Below is a listing; retype exactly the lines between the one containing "Some of the words" and the one containing "this 1250×1875 image.", inclusive, minus the pictures.

* * * * * * *

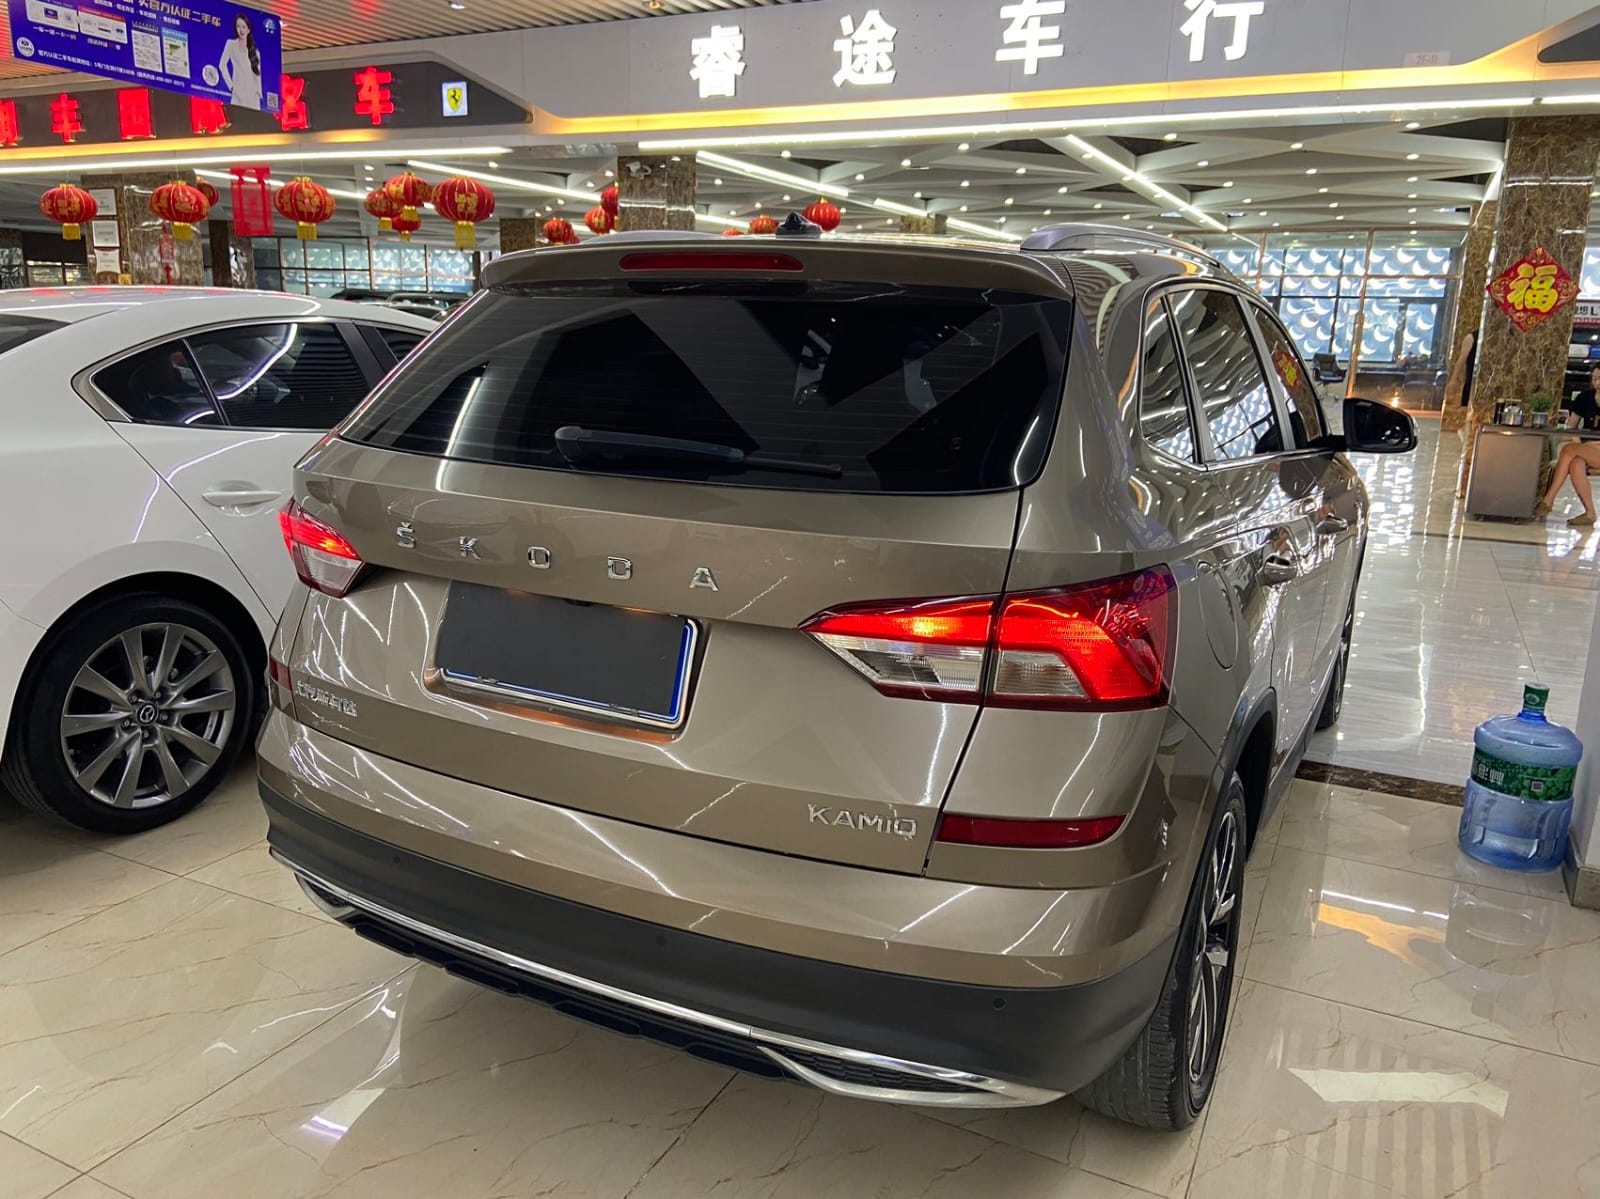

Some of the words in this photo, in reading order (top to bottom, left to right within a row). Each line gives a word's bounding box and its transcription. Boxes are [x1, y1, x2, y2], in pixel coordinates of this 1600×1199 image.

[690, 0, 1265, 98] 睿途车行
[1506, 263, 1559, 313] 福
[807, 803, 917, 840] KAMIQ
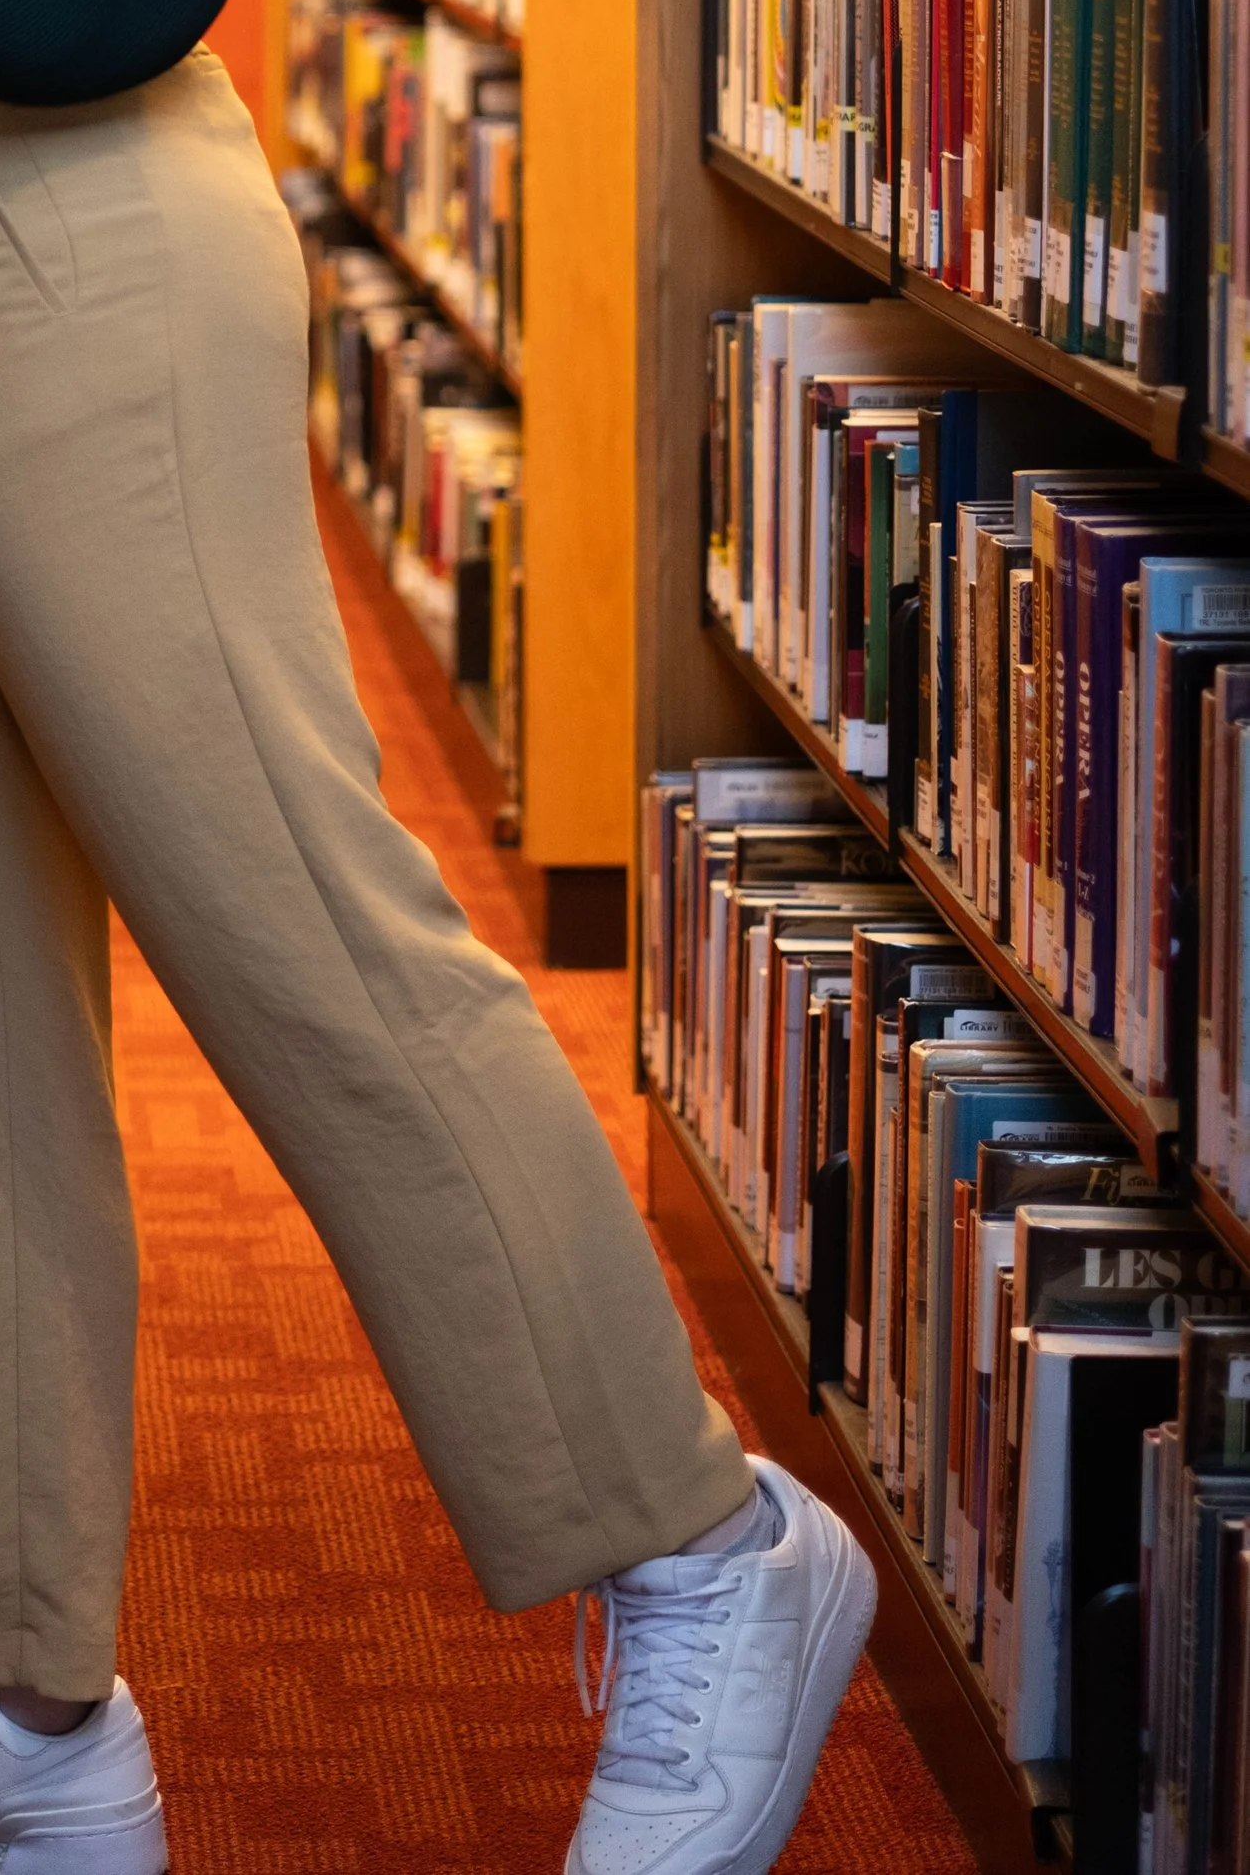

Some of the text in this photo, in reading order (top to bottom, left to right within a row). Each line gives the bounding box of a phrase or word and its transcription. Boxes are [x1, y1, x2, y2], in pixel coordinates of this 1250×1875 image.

* * * * * * *

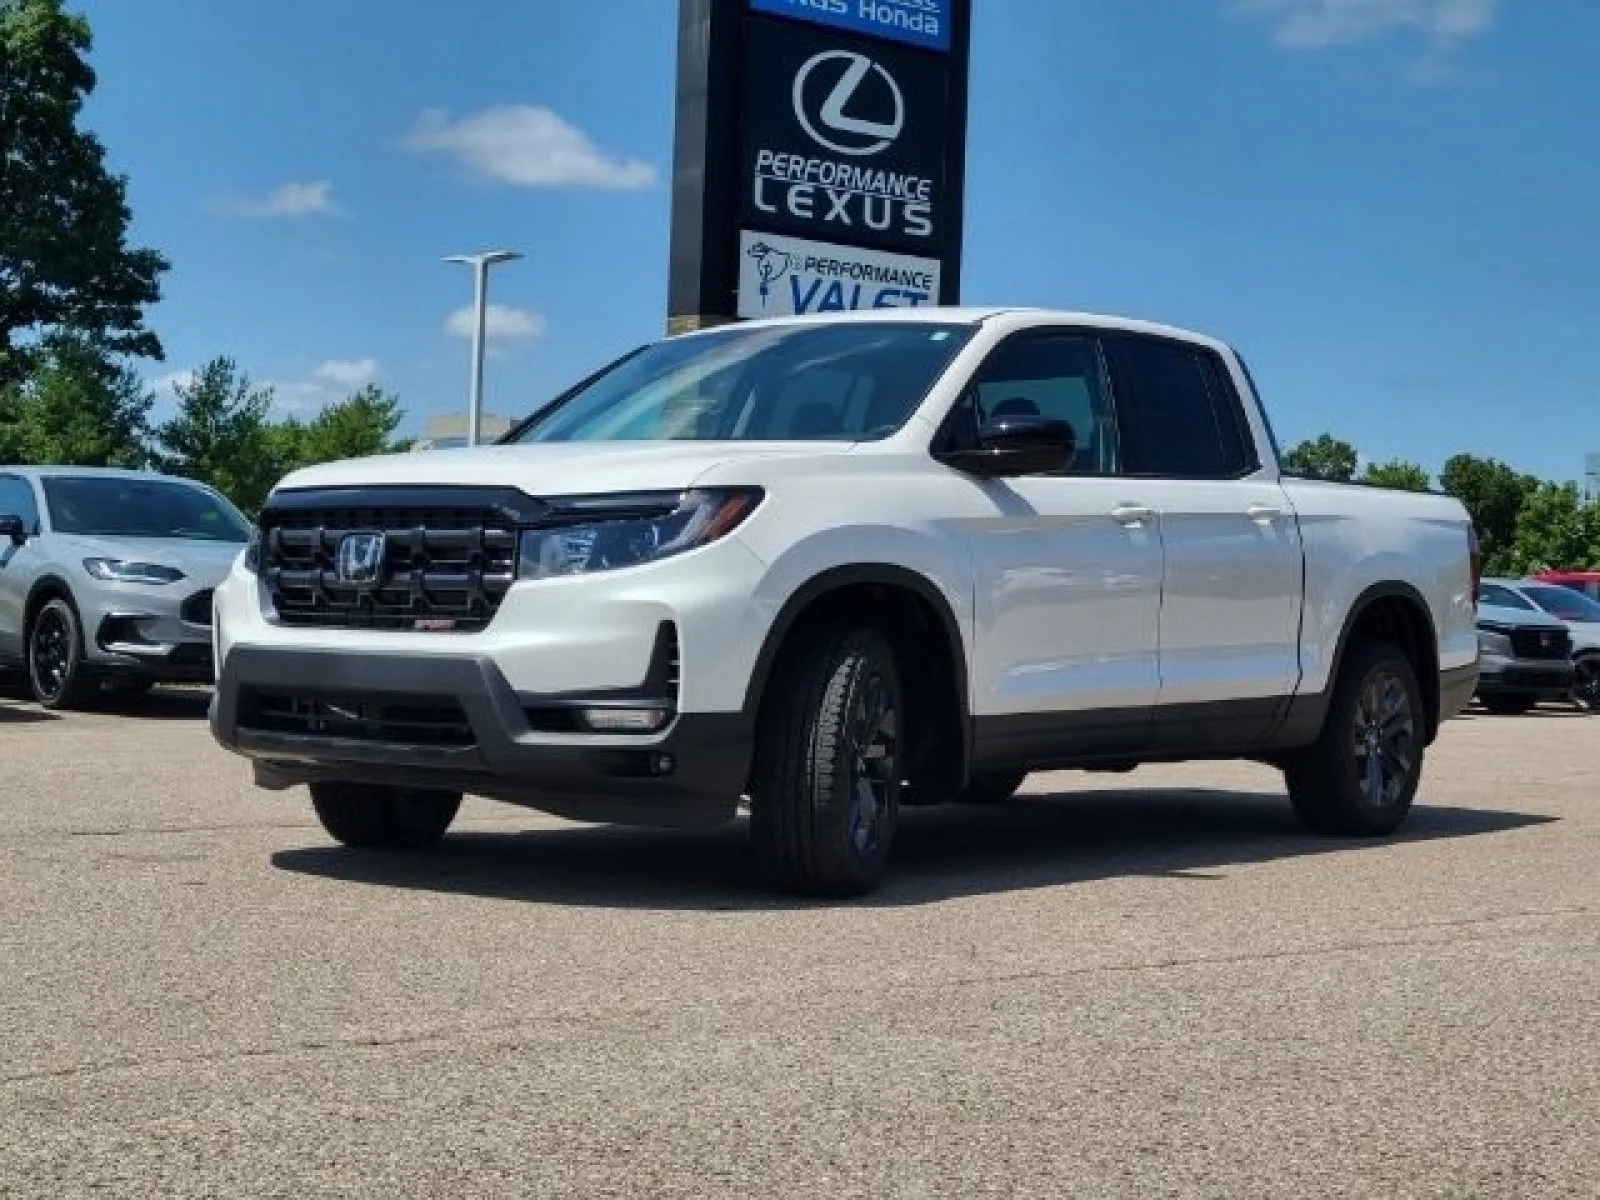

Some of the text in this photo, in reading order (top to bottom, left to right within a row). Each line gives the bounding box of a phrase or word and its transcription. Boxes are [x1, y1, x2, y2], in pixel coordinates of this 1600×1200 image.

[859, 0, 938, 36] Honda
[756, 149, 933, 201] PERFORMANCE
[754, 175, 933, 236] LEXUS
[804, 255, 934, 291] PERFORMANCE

* * * * * * *

Task response
Some of the words in this photo, in reading order (top to bottom, left to right within a row). Each line gives a word's bounding box and its transcription. Boxes are [x1, y1, x2, y2], in pixel coordinates of this 1600×1199 image.

[690, 0, 1265, 98] 睿途车行
[1506, 263, 1559, 313] 福
[807, 803, 917, 840] KAMIQ

Some of the text in this photo, in reading order (top to bottom, left to right within a row). Each line gives the bounding box of a phrase or word and its transcription. Boxes are [x1, y1, x2, y2], in pixel coordinates of this 1250×1875 image.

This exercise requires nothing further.